How AI Models Learn to See and Plan: A New Training Method Bridges the Vision Gap
A new training method called MGSD helps AI vision models understand spatial planning tasks 19.3% better by teaching them to recover task-relevant structures from images before reasoning about actions. The approach, developed by researchers at Tsinghua University and The Hong Kong University of Science and Technology, tackles a fundamental challenge in AI: the gap between visual perception and logical reasoning.
Why Do Vision Models Struggle With Spatial Planning?
Vision-language models, the same AI systems that power image understanding in tools like ChatGPT, excel at general multimodal tasks. However, they consistently underperform when asked to plan movements through space, navigate grids, or interact with objects in visual scenes. The problem isn't a lack of intelligence; it's a structural mismatch in how the models process information.
When a model plans using symbolic data, it receives explicit information: "object A is at position X, object B is at position Y, and the goal is at position Z." The model can reason directly over these clear facts. But when planning from images, the model must first figure out what objects exist and where they are, then reason about how to move between them. This two-step process creates what researchers call a "perception-reasoning modality gap." Errors in the first step cascade into the second, making planning unreliable.
How Does MGSD Train Models Differently?
MGSD, which stands for modality-gap-aware self-distillation, uses a two-stage training approach that separates the perception and reasoning problems. The framework first teaches the visual model to accurately recover task-relevant state structures from pixels, minimizing early perception errors. Then, it uses a symbolic teacher to guide the visual student model on planning decisions.
The key innovation is that symbolic data is used only during training. At inference time, the model operates purely on visual input, making it practical for real-world deployment. This design combines the reliability of symbolic planning with the flexibility of visual understanding.
Steps to Understanding How MGSD Improves Visual Planning
- Cold-Start Perception Alignment: The visual student model is trained with supervised fine-tuning to recover task-relevant state structures from images, producing initial predictions that align better with symbolic representations and reducing early perception noise.

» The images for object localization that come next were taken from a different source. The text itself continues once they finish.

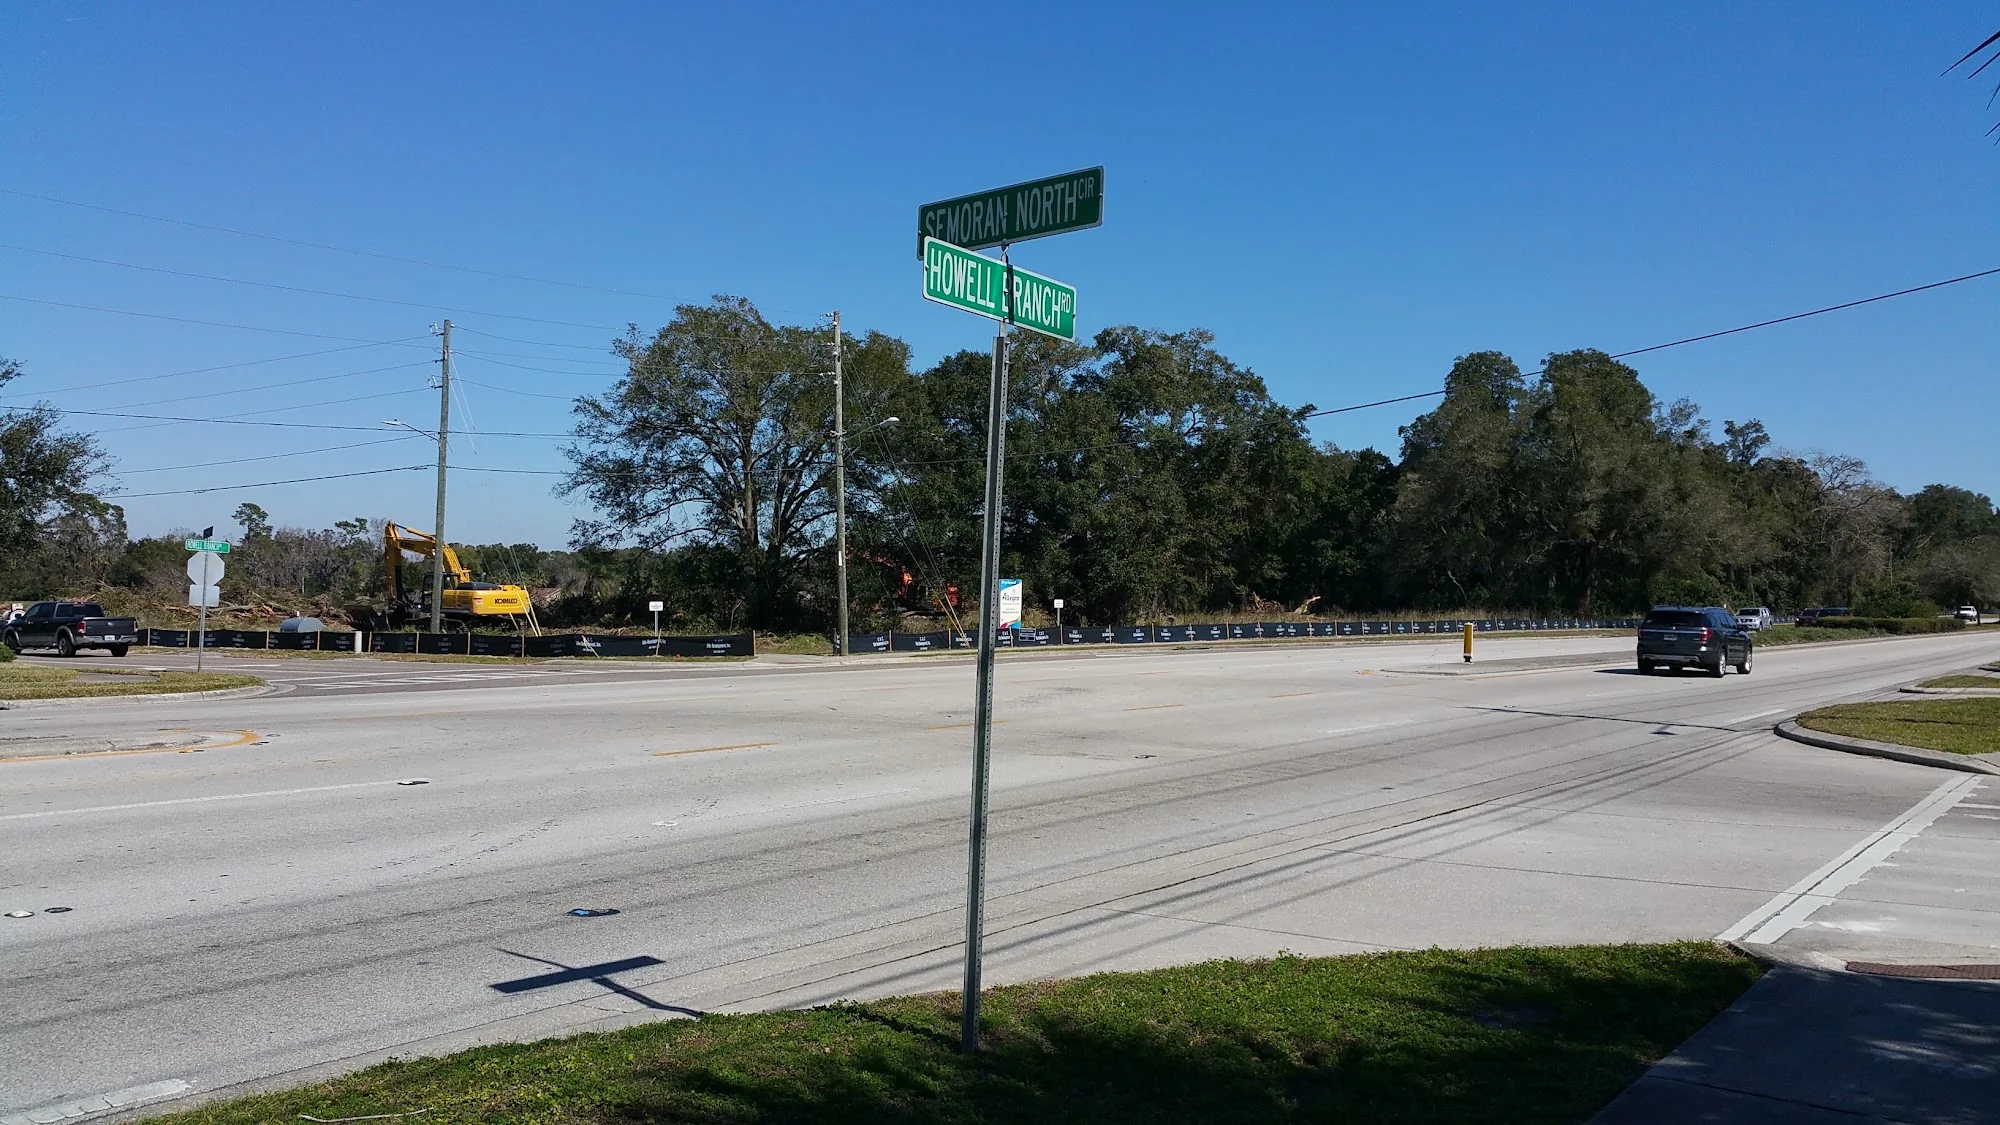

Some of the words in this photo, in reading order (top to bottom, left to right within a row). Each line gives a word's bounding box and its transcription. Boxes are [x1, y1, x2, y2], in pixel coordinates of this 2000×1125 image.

[925, 194, 1008, 244] SEMORAN
[1016, 179, 1078, 232] NORTH
[1078, 176, 1095, 200] CIR
[930, 248, 996, 309] HOWELL
[1002, 271, 1062, 329] BRANCH
[1062, 292, 1071, 314] RD
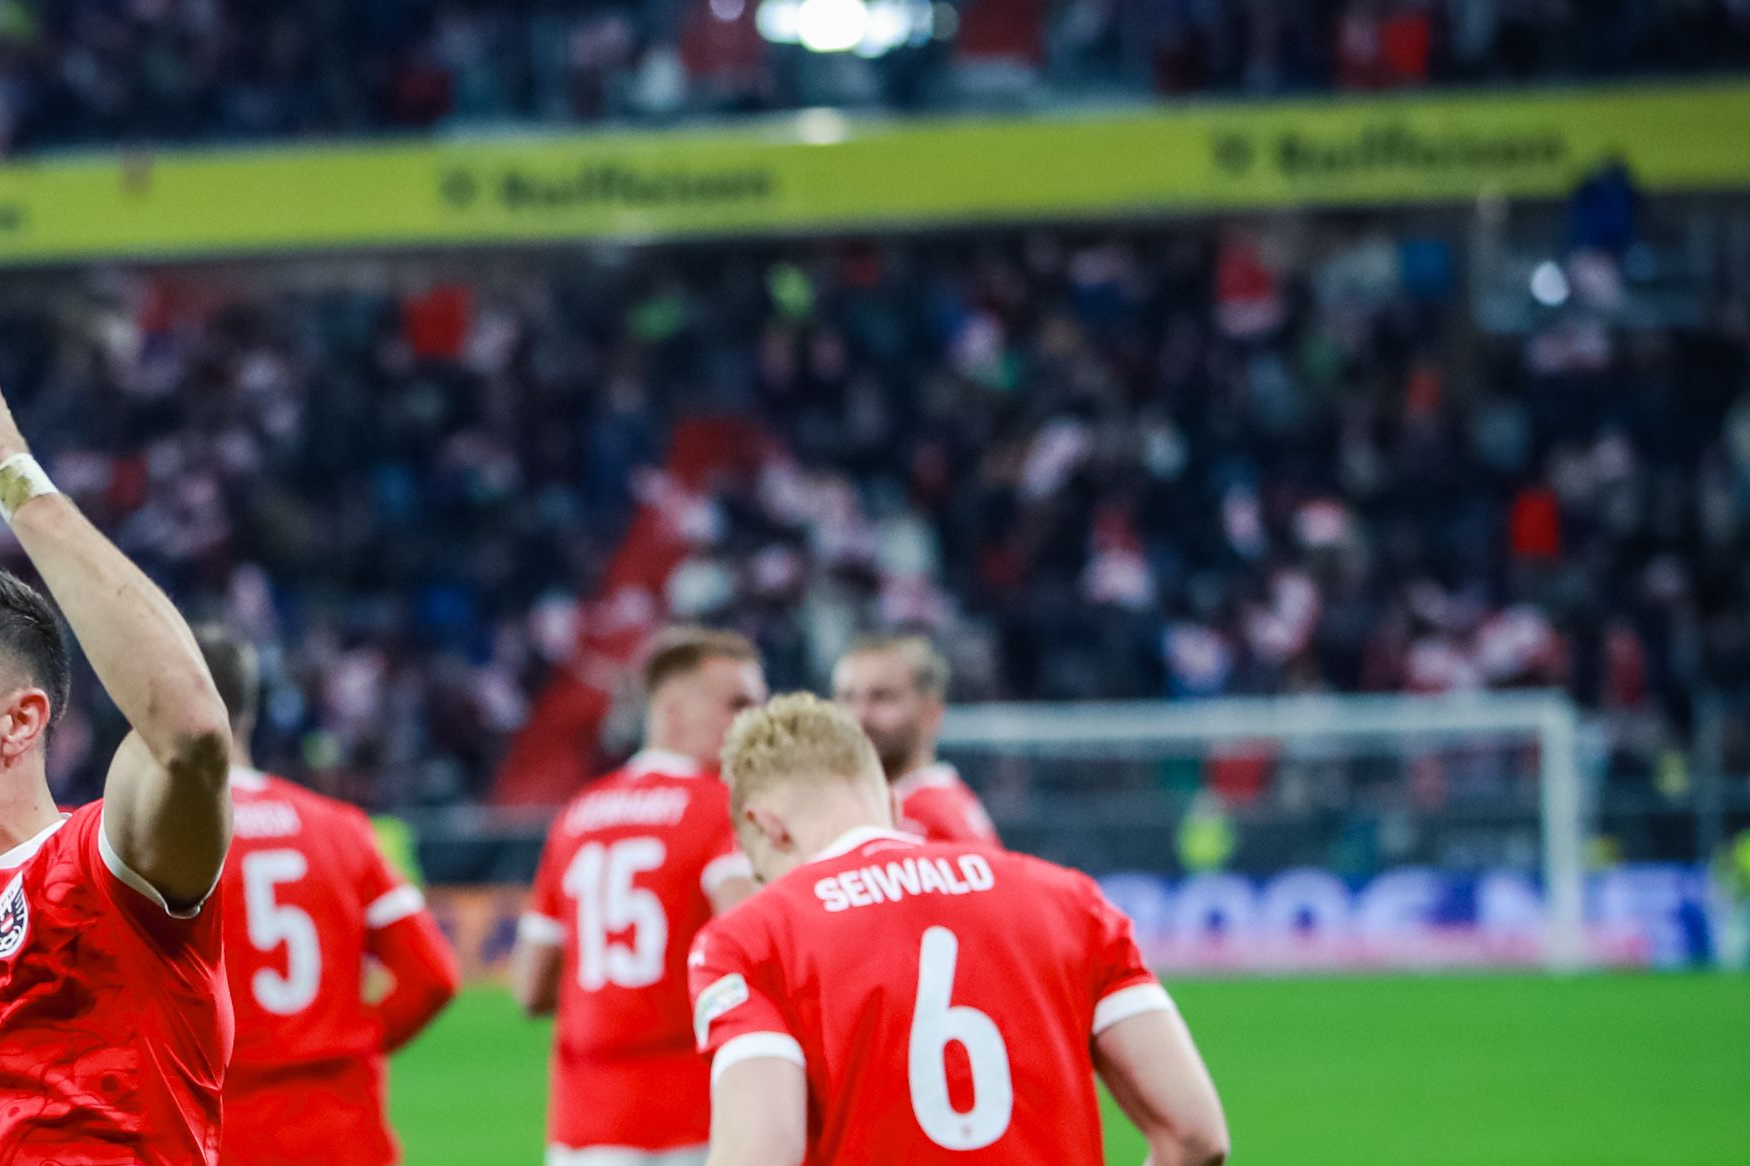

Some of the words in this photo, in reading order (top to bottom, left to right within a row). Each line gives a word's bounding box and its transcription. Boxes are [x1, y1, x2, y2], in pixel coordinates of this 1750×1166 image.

[241, 847, 322, 1015] 5
[562, 836, 668, 991] 15
[814, 853, 995, 912] SEIWALD
[908, 925, 1014, 1151] 6

- On-Policy Self-Distillation: The student generates its own rollout trajectories from images, while a frozen symbolic teacher provides dense token-level supervision based on the student's actual visual outputs, not fixed reference demonstrations.
- Inference-Time Efficiency: After training, symbolic data is discarded entirely, and the model operates on visual input alone, making the approach practical for deployment in real planning environments.
What Do the Experimental Results Show?
The researchers tested MGSD on visual planning benchmarks covering three types of tasks: safe grid navigation, topology-aware path finding, and embodied object interaction. The improvements were substantial across different model sizes.
For a 4-billion-parameter model, MGSD raised the macro average success rate from 11.2% to 30.5%. For an 8-billion-parameter model, the improvement was from 17.2% to 35.6%. These gains represent meaningful progress toward closing the gap between visual planning and symbolic planning, where models have access to explicit state information.
Diagnostic analysis confirmed that improvements came from both better visual state recovery and stronger optimal-path reasoning. This suggests that MGSD successfully addresses both sides of the perception-reasoning modality gap, rather than fixing just one bottleneck.
Why Does This Matter for AI Development?
Visual spatial planning is increasingly important as AI systems move beyond text and into embodied tasks. Robots, autonomous vehicles, and AI agents that interact with physical environments all need to understand visual scenes and plan movements. Current vision-language models struggle with these tasks, limiting their practical applications.
The MGSD approach offers a practical solution that doesn't require new architectural innovations or massive increases in model size. Instead, it uses a smarter training strategy to extract better performance from existing models. The framework also demonstrates that leveraging symbolic supervision during training, while maintaining visual-only inference, can be a powerful way to improve AI reasoning.
The researchers have made their code publicly available, which means other teams can build on this work and apply the method to their own visual planning challenges. This openness accelerates progress across the field and suggests that modality-gap-aware training could become a standard technique for improving multimodal AI systems.